General characteristics
- Class & type: Tuckahoe-class collier
- Displacement: 5,548 long tons (5,637 t)
- Length: 333 ft (101 m)
- Beam: 49 ft (15 m)
- Draft: 22 ft (6.7 m)
- Propulsion: One 1,800ihp steam engine, one shaft
- Speed: 10.5 kn (12.1 mph)
- Armament: Armed, but type of armament unknown

= USS Absecon (ID-3131) =

Cargo ship of the United States Navy

The first USS Absecon (ID-3131) was a freighter that operated in the United States Navy in 1918. She was the first U.S. Navy ship to be named for Absecon Inlet, a small inlet north of Atlantic City, New Jersey.
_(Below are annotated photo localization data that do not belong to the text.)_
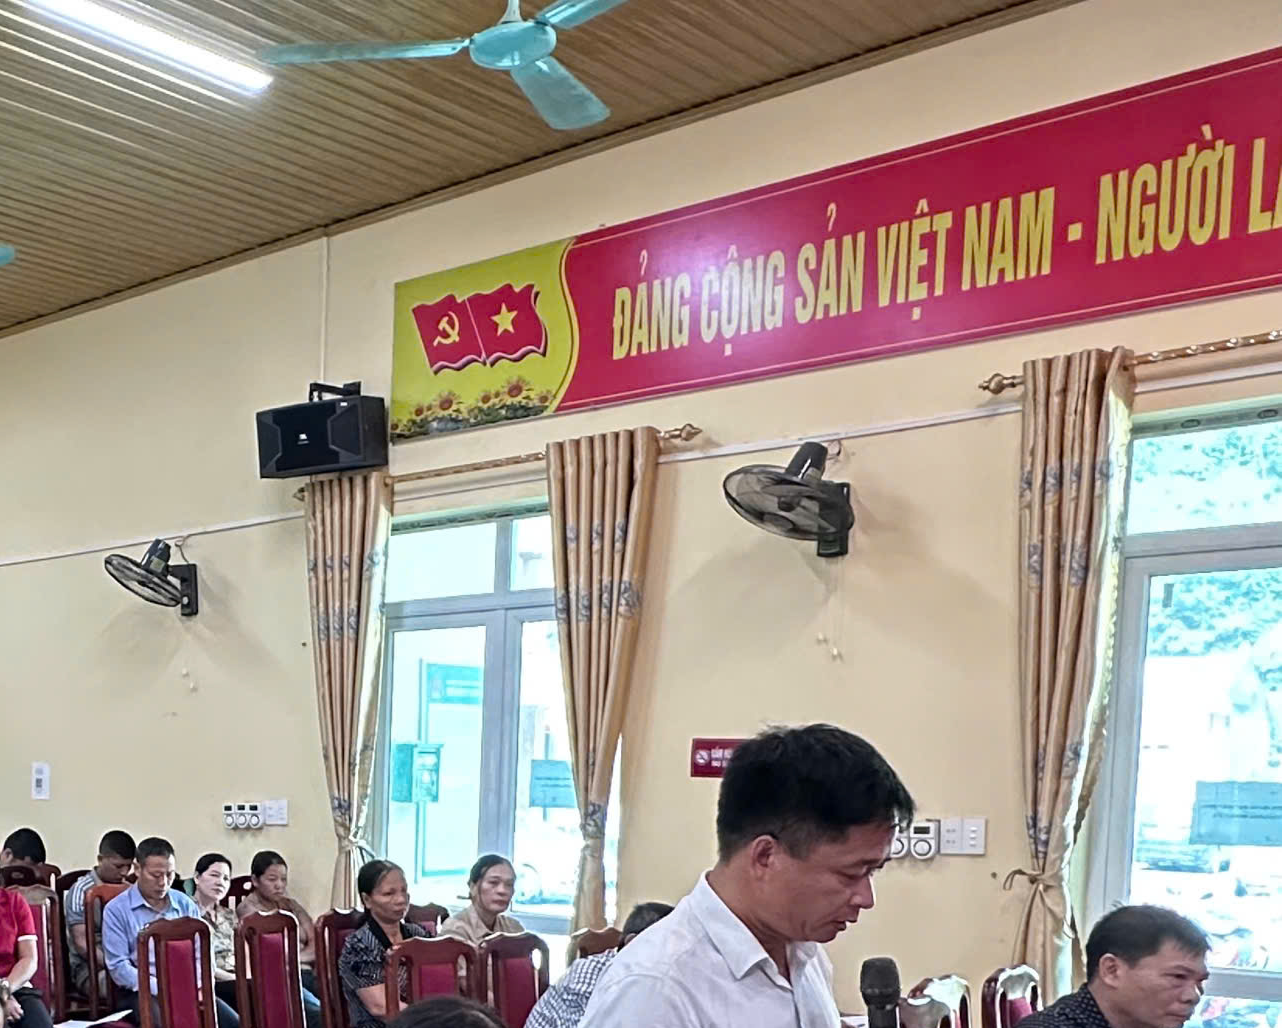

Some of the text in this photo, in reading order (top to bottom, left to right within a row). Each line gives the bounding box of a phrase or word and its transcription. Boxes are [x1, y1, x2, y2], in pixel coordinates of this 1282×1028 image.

[612, 249, 691, 360] ĐẢNG
[699, 245, 786, 357] CỘNG
[794, 203, 866, 325] SẢN
[877, 198, 953, 321] VIỆT
[961, 186, 1055, 291] NAM
[1095, 123, 1236, 265] NGƯỜI
[1248, 136, 1282, 234] L
On 17 June 1918, officers of the U.S. Navy's 4th Naval District inspected Absecon, a single-screw, steel-hulled freighter built in 1918 by the New York Shipbuilding Company in Camden, New Jersey. Although the Navy gave the ship Identification Number (Id. No.) 3131, as it did with most commercial cargo ships and tankers commissioned into U.S. Navy service for use in World War I, the United States Government never took possession of the ship. However, she was armed, and a Navy armed guard crew was placed on board the ship.

Absecon earned the World War I Victory Medal with Armed Guard Clasp for service between 12 October 1918 and 5 November 1918. She then left naval service.